Exercise prompt:
Copy every record exactly as it appears in the data below.

Supplied records:

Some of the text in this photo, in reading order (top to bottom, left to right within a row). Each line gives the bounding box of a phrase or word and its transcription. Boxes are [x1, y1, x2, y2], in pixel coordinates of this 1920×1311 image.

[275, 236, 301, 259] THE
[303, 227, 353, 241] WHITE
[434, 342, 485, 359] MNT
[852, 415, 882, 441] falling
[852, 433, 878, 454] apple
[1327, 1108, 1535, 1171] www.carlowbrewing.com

Expected output:
Some of the text in this photo, in reading order (top to bottom, left to right within a row). Each line gives the bounding box of a phrase or word and its transcription. Boxes are [x1, y1, x2, y2], in pixel coordinates of this 1920×1311 image.

[275, 236, 301, 259] THE
[303, 227, 353, 241] WHITE
[434, 342, 485, 359] MNT
[852, 415, 882, 441] falling
[852, 433, 878, 454] apple
[1327, 1108, 1535, 1171] www.carlowbrewing.com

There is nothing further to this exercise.